Sulle fonti energetiche, soprattutto sul gas, si sta combattendo una sorta di ‘guerra fredda’ internazionale?

«Sì. Se guardiamo alla situazione mondiale, stiamo assistendo a una guerra convenzionale in Ucraina, innescata dall’invasione russa, a un conflitto per il momento esclusivamente di ‘posizione’ e di ‘ provocazione, mi si passi il termine, a Taiwan, e una guerra energetica che incide sull’economia quotidiana di famiglie e imprese, con conseguenze pesanti come l’aumento dell’inflazione. Alle spalle di questi conflitti ce n’è un altro. Quello monetario».
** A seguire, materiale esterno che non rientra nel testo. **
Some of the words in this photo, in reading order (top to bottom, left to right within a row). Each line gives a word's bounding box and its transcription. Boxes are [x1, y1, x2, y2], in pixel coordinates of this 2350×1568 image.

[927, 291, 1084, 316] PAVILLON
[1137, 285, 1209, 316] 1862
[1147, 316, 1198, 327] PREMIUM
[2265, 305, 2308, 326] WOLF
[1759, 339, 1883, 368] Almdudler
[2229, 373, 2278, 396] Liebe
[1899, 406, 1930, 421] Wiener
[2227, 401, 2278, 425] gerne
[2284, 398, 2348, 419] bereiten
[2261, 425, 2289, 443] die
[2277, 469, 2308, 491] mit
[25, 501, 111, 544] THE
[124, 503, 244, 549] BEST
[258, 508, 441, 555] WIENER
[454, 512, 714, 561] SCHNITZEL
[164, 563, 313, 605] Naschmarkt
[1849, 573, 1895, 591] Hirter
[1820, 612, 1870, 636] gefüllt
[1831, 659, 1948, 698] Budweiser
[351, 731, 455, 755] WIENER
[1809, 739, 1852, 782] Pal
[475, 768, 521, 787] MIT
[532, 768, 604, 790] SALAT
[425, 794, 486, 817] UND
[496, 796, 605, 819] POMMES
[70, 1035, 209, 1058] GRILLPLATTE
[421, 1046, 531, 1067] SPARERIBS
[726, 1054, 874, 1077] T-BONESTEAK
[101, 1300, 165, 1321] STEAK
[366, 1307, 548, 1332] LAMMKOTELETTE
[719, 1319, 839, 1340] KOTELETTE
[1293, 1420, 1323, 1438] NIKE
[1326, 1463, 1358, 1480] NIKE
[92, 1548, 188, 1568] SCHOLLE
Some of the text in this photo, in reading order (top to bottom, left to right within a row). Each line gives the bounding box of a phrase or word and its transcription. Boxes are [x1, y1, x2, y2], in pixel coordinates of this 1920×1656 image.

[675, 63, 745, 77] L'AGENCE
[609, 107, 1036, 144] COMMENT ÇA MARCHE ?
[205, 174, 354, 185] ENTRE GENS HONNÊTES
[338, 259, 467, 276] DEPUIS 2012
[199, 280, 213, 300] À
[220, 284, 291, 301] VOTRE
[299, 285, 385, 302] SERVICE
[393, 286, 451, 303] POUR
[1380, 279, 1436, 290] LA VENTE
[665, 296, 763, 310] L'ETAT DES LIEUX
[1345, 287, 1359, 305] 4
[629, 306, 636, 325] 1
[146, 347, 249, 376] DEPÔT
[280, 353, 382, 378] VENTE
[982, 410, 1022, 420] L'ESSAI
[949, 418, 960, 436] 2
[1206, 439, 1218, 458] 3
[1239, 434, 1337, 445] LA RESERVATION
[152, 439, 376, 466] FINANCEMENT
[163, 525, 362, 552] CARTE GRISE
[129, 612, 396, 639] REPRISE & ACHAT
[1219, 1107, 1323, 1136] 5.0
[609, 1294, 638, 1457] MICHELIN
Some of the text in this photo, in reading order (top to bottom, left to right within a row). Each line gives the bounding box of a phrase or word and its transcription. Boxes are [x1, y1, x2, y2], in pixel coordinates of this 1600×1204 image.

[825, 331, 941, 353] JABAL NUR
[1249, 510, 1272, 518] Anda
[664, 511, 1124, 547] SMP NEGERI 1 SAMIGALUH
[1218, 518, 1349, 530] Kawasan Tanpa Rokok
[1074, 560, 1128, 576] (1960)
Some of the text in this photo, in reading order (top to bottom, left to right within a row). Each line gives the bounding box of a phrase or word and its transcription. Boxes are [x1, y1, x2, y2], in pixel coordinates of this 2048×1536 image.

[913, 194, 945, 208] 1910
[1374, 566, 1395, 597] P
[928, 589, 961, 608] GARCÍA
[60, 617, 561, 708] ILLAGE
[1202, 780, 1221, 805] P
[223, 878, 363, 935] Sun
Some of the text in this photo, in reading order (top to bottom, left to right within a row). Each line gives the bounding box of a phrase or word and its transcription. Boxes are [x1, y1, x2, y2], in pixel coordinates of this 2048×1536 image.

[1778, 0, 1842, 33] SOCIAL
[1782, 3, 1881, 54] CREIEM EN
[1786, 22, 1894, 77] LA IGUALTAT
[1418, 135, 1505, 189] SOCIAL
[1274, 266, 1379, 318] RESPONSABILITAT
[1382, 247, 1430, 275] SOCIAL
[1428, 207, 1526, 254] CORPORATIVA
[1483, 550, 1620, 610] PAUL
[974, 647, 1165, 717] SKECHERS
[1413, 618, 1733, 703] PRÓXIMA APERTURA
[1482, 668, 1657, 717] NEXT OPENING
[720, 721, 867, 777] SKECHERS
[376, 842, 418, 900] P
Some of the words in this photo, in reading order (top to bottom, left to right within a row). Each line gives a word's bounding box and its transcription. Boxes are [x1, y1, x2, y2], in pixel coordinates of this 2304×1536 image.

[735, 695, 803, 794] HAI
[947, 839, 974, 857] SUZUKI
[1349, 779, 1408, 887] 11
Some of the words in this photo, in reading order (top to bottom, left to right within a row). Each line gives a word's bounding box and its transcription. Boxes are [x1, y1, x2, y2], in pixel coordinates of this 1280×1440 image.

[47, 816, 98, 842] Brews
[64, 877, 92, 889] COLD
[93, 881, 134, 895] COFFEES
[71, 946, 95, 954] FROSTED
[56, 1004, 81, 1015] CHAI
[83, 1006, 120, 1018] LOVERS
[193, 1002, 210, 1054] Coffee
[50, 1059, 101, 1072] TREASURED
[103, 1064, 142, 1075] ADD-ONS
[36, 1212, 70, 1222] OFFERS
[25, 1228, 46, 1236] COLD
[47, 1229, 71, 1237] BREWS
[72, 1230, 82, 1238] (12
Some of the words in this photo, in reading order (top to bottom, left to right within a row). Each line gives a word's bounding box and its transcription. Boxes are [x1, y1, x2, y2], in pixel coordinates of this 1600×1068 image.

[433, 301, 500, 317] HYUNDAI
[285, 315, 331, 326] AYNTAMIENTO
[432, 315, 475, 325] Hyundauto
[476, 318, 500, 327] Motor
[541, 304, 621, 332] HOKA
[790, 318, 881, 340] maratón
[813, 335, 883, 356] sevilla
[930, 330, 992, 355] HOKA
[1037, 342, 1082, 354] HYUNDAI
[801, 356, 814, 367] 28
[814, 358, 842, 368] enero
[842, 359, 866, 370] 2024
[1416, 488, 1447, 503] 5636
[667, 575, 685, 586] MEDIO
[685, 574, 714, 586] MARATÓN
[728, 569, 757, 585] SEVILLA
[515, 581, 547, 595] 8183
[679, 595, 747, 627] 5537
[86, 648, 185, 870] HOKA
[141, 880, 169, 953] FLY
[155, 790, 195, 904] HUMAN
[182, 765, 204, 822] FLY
Che vede ancora la Cina in primo piano…

«Esatto. Mentre il dollaro diventa sempre più forte, a fine luglio la Cina ha deciso di ridurre sotto il trilione di dollari il suo apporto al debito USA. È un inizio di decoupling finanziario cinese sul debito americano in suo possesso? Non lo so, ma il fatto è che a metà agosto i cinesi hanno preso anche la decisione di effettuare un delistening da 310 miliardi di dollari delle spa cinesi dalla borsa di New York. La crescita della Cina secondo il Fondo monetario internazionale a fine anno sarà del 3,3 per cento. In netta contrazione rispetto alle previsioni. Questo sicuramente è dovuto alla politica ‘zero covid’, ma non solo. Forse c’è anche la volontà del Dragone di condizionare la crescita economica interna per influenzare anche quella internazionale».

Tornando alla ‘guerra energetica’, l’Europa cos’altro potrebbe fare?

«Se è vero che l’energia è un bene primario, da cui dipende la stessa tenuta delle nostre economie e del nostro tessuto sociale, bisogna sottrarre l’energia ai giochi del mercato e della speculazione. L’Ue dovrebbe quindi favorire azioni di il controllo pubblico delle fonti e dei canali di distribuzione in tutti i Paesi dell’Unione e attivare un meccanismo di cooperazione rafforzata tra gli Stati che hanno, fra le tante ipotesi di intervento, anche quella di nazionalizzare il settore energetico. Lo so che molti storcono il naso sentendo parlare di nazionalizzazione, ma in situazioni estreme servono rimedi estremi, anche se temporanei».

Ma le nazionalizzazioni peserebbero sui conti pubblici.

«Abbiamo avuto un esempio recente di come si può combattere una guerra globale: la pandemia da Sars Cov2. Prendiamo spunto proprio da come abbiamo e stiamo affrontando il Covid. Nel nostro caso, le risorse pubbliche necessarie a riacquisire il controllo del settore non dovrebbero rientrare nel conteggio del debito/deficit e gli squilibri nei bilanci degli enti energetici nazionali, ma andrebbero finanziate dalla emissione di obbligazioni acquistate dalla Bce. Del resto, qual è il modo migliore per raffreddare l’inflazione? Togliere all’energia la funzione di moltiplicatore dell’aumento dei prezzi e, allo stesso tempo, fare partire investimenti massicci sulle rinnovabili e su nuove infrastrutture. Ma per il momento si sta scegliendo un’altra strada, l’aumento dei tassi e la stretta monetaria. E a mio avviso questa non può essere l’unica ricetta».